Elevated Plus-maze Model: The Elevated plus-maze apparatus used in this model consisting of two open arms (16 cm × 5 cm) and two closed arms (16 cm × 5 cm × 12 cm).
The arms extended from a central platform (5 cm × 5 cm), and the maze is elevated to a height of 25 cm from the floor. Group I was maintained as normal control, which was given with distilled water for 7 days. Group II with piracetam (200 mg/kg, p.o.), which served as standard, Groups III, IV, V was treated with different doses of Semecarpus anacardium (100 and 200 mg/kg p.o.) and isolated flavonoids DKT-SA (40 mg p.o.) respectively for 7 days 17, 18, 20, 26, 27-30. On the 7th day, 90 min after the above treatment, each mouse was placed at the end of an open arm of EPM facing away from the central platform.
TL (Transfer latency) was recorded i.e., the time taken by the mouse to move into one of the enclosed arms with all its four legs. If the animal did not enter into one of the enclosed arms within 90 s, it was gently pushed into one of the two enclosed arms, and the TL was assigned as 90 s. The mouse was allowed to explore the maze for the next 10 s and then returned to its home cage. Retention of this learned-task was examined 24 h after the 7th-day trial. The inflexion ratio was calculated by the formula as follows16. Inflexion ratio (IR) = (L0 - L1)/ L0, where L0 is the initial TL (s) on first day and L1 is the TL (s) on the 2nd day.
FIG. 3: ELEVATED PLUS MAZE
Interceptive Behavior Models:
Scopolamine-induced Amnesia: 17, 18 Group I was maintained as normal control, which was given with, distilled water, Group II with Scopolamine (1.0 mg/kg, i.p.) alone. Group III with piracetam (200 mg/kg, p.o.), which served as standard, Groups IV, V, VI, were treated with different doses of Semecarpus anacardium (100 and 200 mg/kg, p.o.) and isolated flavonoids DKT-SA (40 mg p.o.) respectively for 14 days as mentioned above.
All groups were treated accordingly as mentioned above for a period of 14 days, and Scopolamine was given (1 mg/kg, i.p.) 90 minutes after the last dose of standard and Semecarpus anacardium to induce impairment of memory through muscuranic system. Transfer latency (TL) was recorded 45 min and 24 hrs after injection of scopolamine using Elevated Plus maze (EPM). The inflexion ratio was calculated as described earlier in Fig. 3.

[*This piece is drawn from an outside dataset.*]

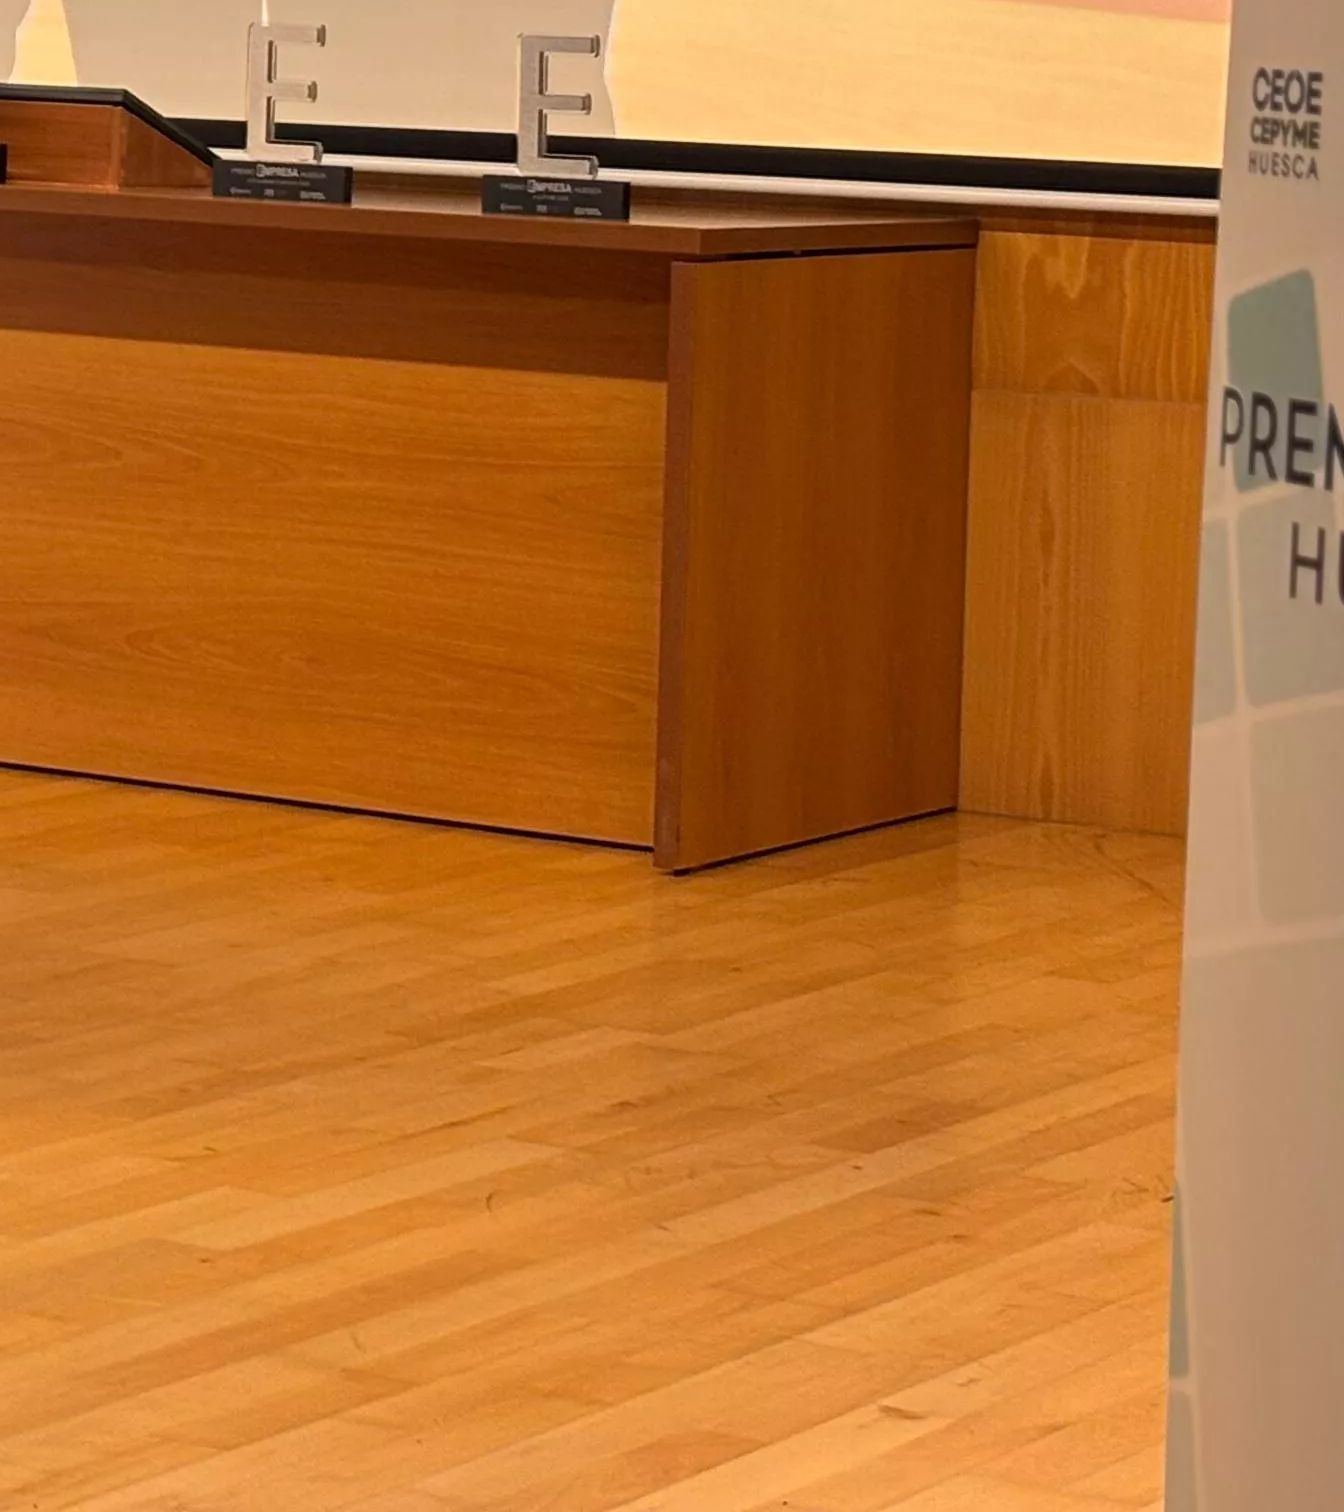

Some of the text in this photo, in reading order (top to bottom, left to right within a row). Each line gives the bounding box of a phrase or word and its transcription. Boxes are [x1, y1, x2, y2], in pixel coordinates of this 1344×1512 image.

Diazepam-induced Amnesia: 17, 20 Group I was maintained as normal control, which was given with, distilled water, Group II with Diazepam alone (1 mg/kg, i.p.) alone. Group III with piracetam (200 mg/kg, p.o.) which served as standard, Groups IV, V, VI was treated with different doses of Semecarpus anacardium (100 and 200 mg/kg p.o.) and isolated flavonoids DKT-SA (40 mg p.o.) respectively for 14 days as mentioned above.
All groups were treated respectively as mentioned above for a period of 14 days, and Diazepam 1 mg/kg was given i.p. 90 minutes after last dose of standard/ Semecarpus anacardium to induce impairment of memory that act through GAB Aergic system. Transfer latency (TL) was recorded with Elevated Plus maze (EPM) at 45 min and 24 h after injection of Diazepam. The inflexion ratio was calculated as described earlier in Fig. 3.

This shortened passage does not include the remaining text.